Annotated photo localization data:
--------------------

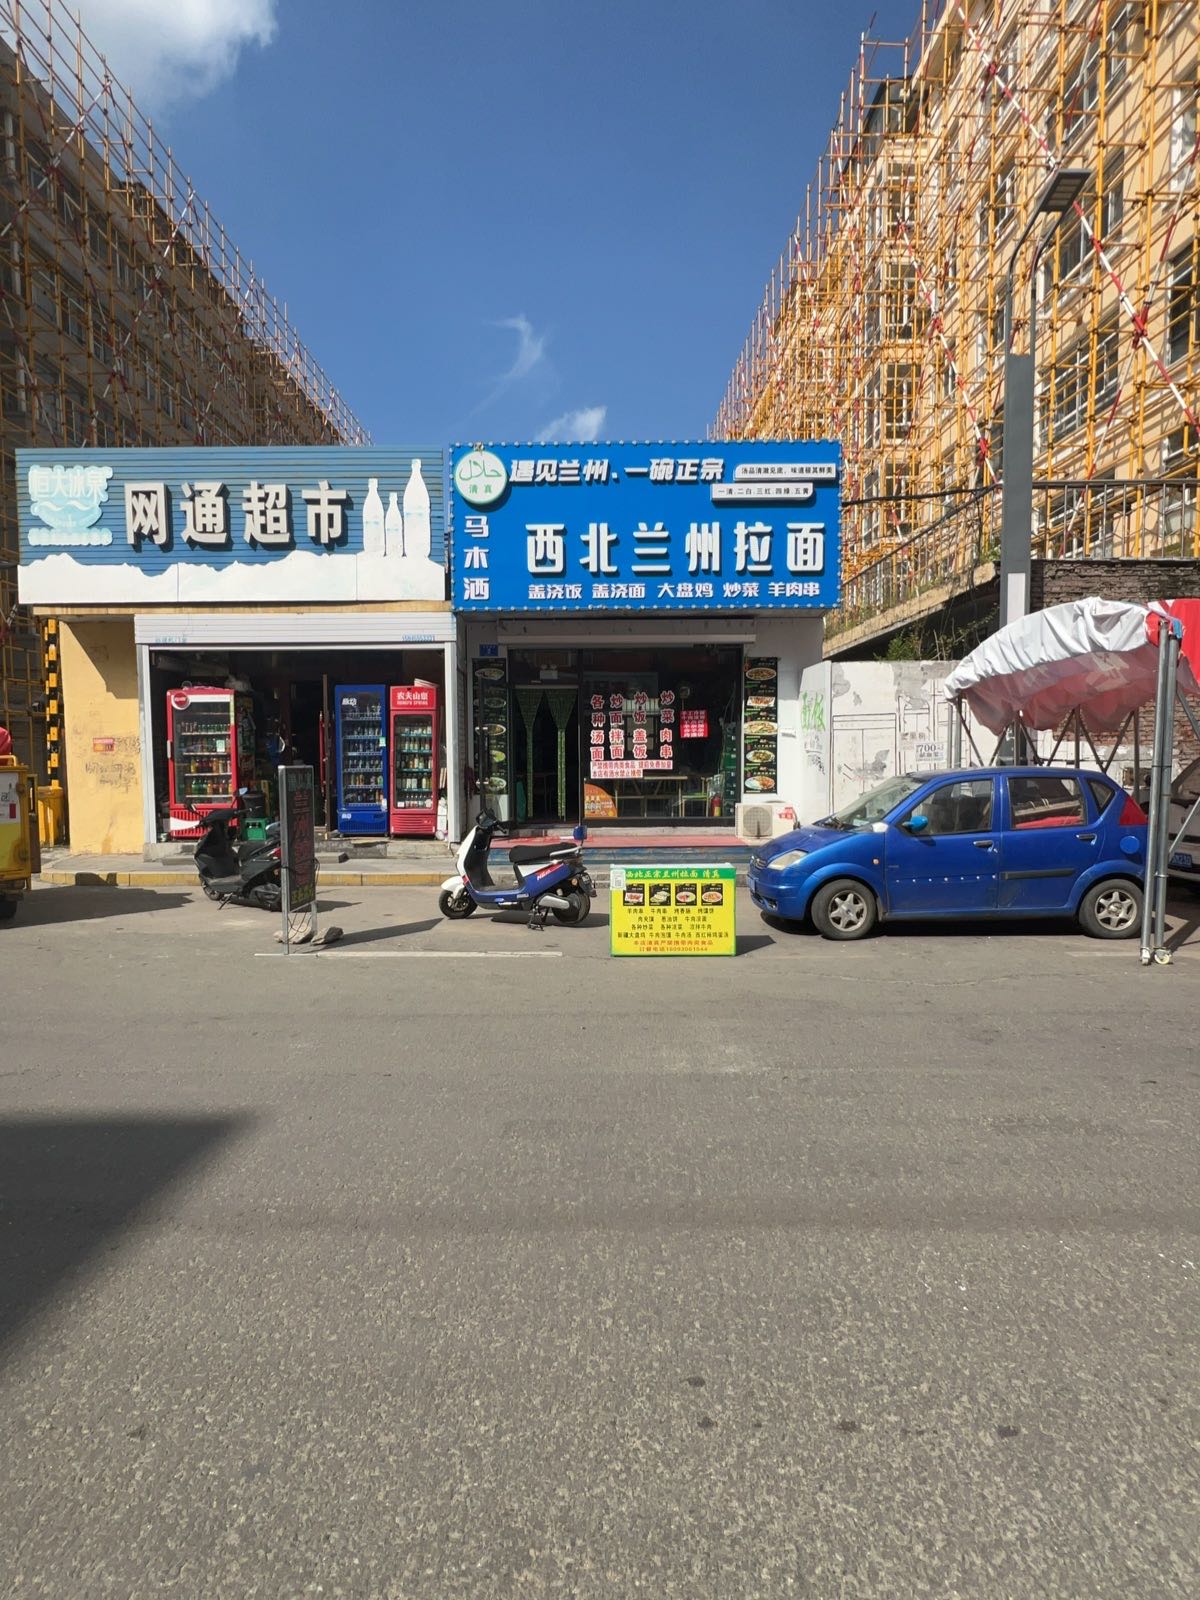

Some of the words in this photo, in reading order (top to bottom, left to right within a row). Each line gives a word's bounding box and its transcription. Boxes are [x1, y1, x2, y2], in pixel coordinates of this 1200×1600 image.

[458, 460, 502, 481] حلال
[468, 483, 493, 495] 清真
[124, 480, 350, 544] 网通超市
[525, 521, 826, 575] 西北兰州拉面
[527, 583, 582, 599] 盖浇饭
[591, 582, 646, 599] 盖浇面
[657, 582, 714, 598] 大盘鸡
[722, 582, 760, 598] 炒菜
[767, 582, 821, 598] 羊肉串
[397, 692, 429, 700] 农夫山泉
[590, 694, 605, 761] 各种汤面
[609, 693, 625, 759] 炒面拌面
[632, 691, 648, 759] 炒饭盖饭
[660, 690, 675, 759] 炒菜肉串
[626, 870, 698, 878] 西北正宗兰州拉面
[703, 869, 719, 878] 清真
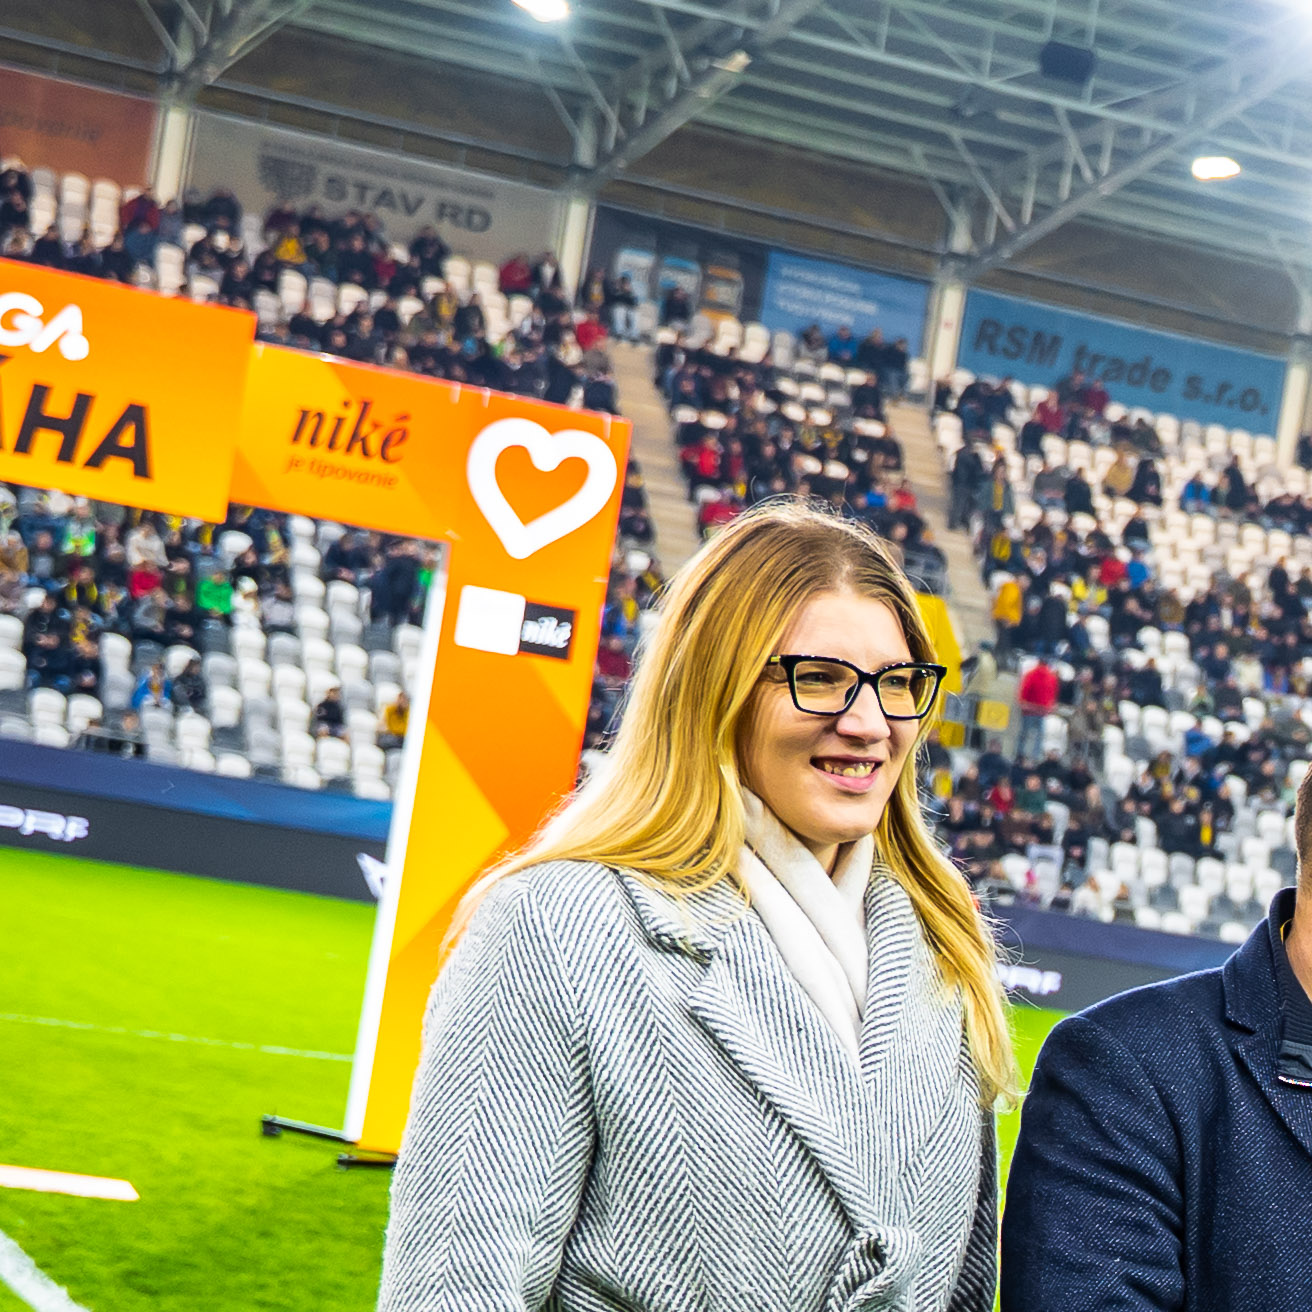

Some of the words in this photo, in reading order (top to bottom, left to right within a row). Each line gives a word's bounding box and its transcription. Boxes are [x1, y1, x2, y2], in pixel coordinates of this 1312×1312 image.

[324, 174, 425, 217] STAV
[435, 201, 493, 233] RD
[975, 317, 1062, 367] RSM
[1072, 344, 1173, 394] trade
[1182, 375, 1269, 415] s.r.o.
[0, 354, 152, 478] HA
[292, 400, 411, 464] niké
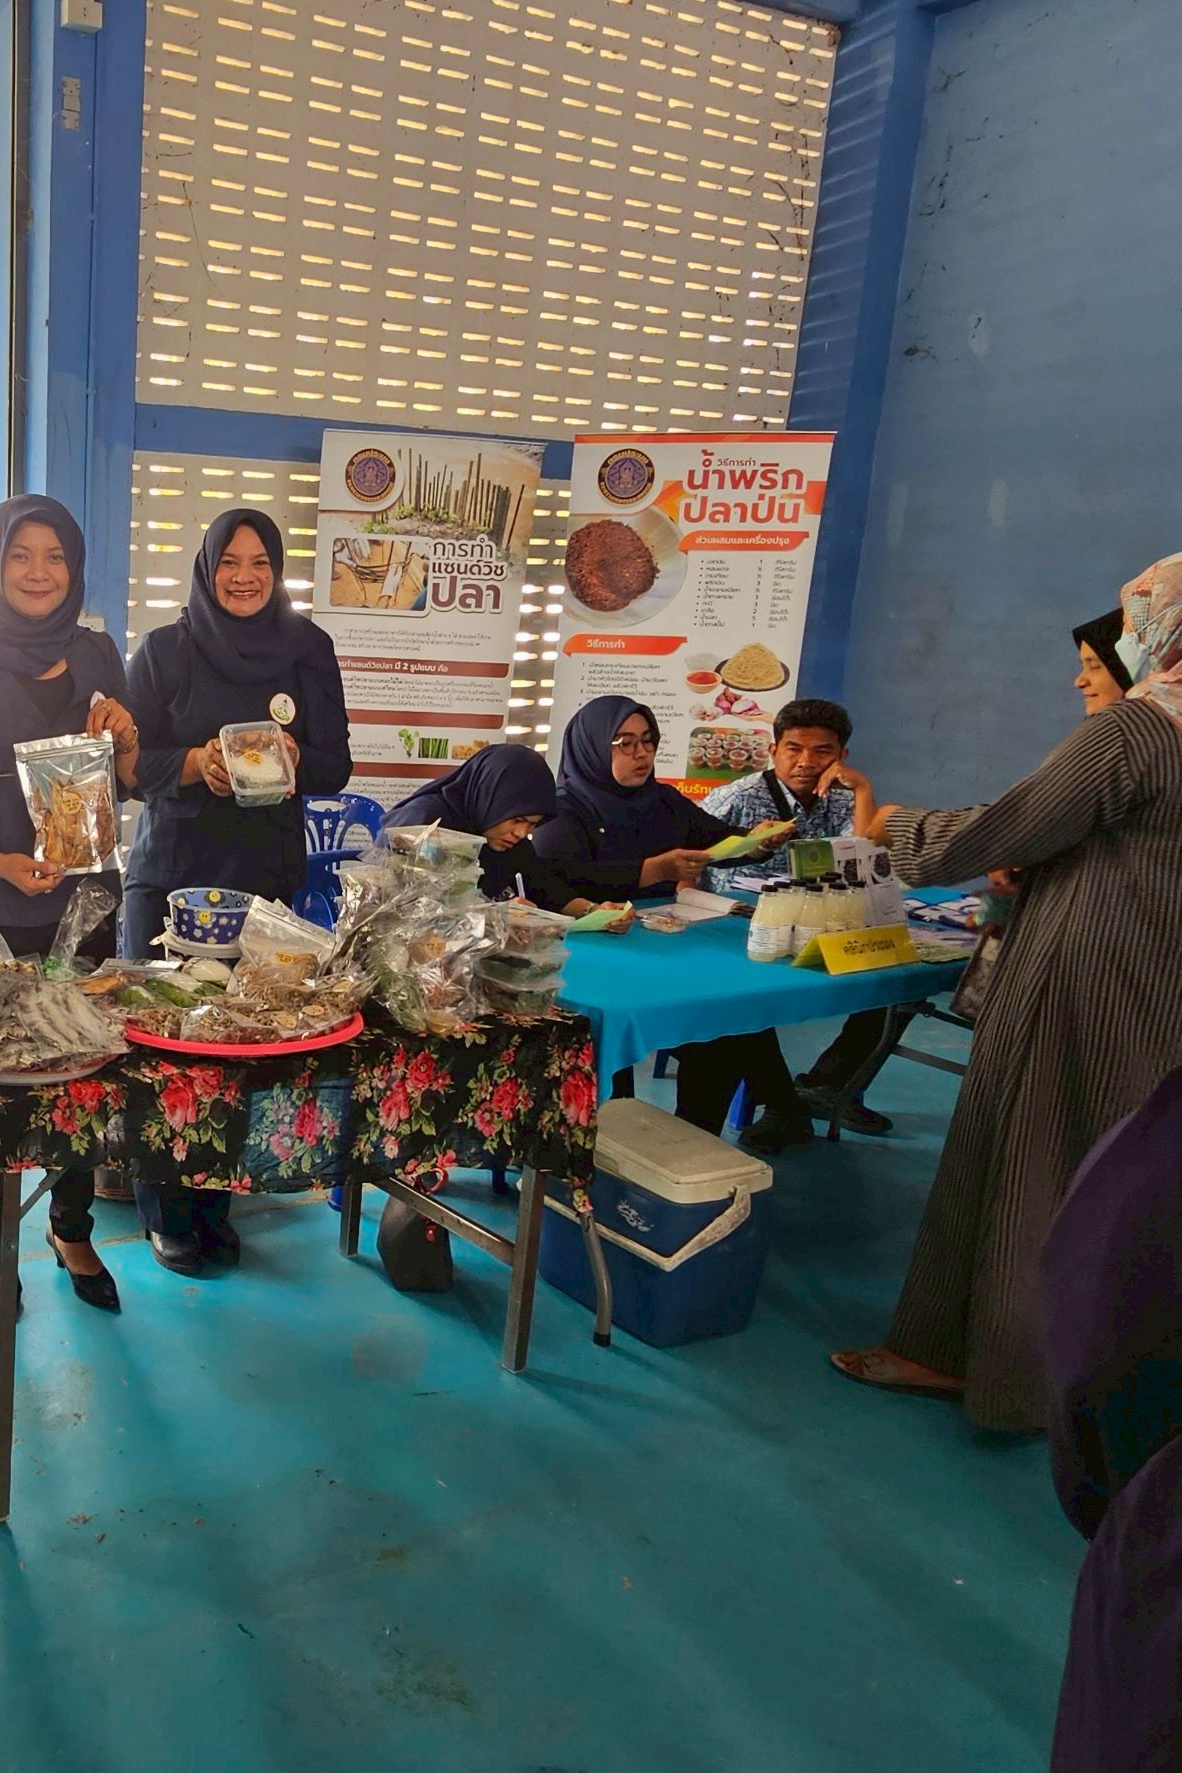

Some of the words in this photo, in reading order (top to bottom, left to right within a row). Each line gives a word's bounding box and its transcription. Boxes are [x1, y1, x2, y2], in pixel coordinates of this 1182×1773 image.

[687, 449, 804, 490] น้ำพริก
[433, 537, 493, 559] การทำ
[432, 559, 505, 577] แซนด์วิช
[431, 576, 501, 610] ปลา
[410, 664, 436, 673] รูปแบบ

--------------------

== Aim of the task ==
With the pictures omitted, reproduce the data above exactly.

== Reply to the exercise ==
Some of the words in this photo, in reading order (top to bottom, left to right within a row). Each line gives a word's bounding box and its transcription. Boxes are [x1, y1, x2, y2], in pixel coordinates of this 1200×1600 image.

[458, 460, 502, 481] حلال
[468, 483, 493, 495] 清真
[124, 480, 350, 544] 网通超市
[525, 521, 826, 575] 西北兰州拉面
[527, 583, 582, 599] 盖浇饭
[591, 582, 646, 599] 盖浇面
[657, 582, 714, 598] 大盘鸡
[722, 582, 760, 598] 炒菜
[767, 582, 821, 598] 羊肉串
[397, 692, 429, 700] 农夫山泉
[590, 694, 605, 761] 各种汤面
[609, 693, 625, 759] 炒面拌面
[632, 691, 648, 759] 炒饭盖饭
[660, 690, 675, 759] 炒菜肉串
[626, 870, 698, 878] 西北正宗兰州拉面
[703, 869, 719, 878] 清真

Some of the words in this photo, in reading order (top to bottom, left to right within a row). Each line gives a word's bounding box and its transcription. Boxes are [x1, y1, x2, y2], in pixel coordinates of this 1312×1312 image.

[324, 174, 425, 217] STAV
[435, 201, 493, 233] RD
[975, 317, 1062, 367] RSM
[1072, 344, 1173, 394] trade
[1182, 375, 1269, 415] s.r.o.
[0, 354, 152, 478] HA
[292, 400, 411, 464] niké

Some of the words in this photo, in reading order (top to bottom, left to right within a row). Each line gives a word's bounding box and its transcription. Boxes are [x1, y1, x2, y2], in pixel coordinates of this 1182×1773 image.

[687, 449, 804, 490] น้ำพริก
[433, 537, 493, 559] การทำ
[432, 559, 505, 577] แซนด์วิช
[431, 576, 501, 610] ปลา
[410, 664, 436, 673] รูปแบบ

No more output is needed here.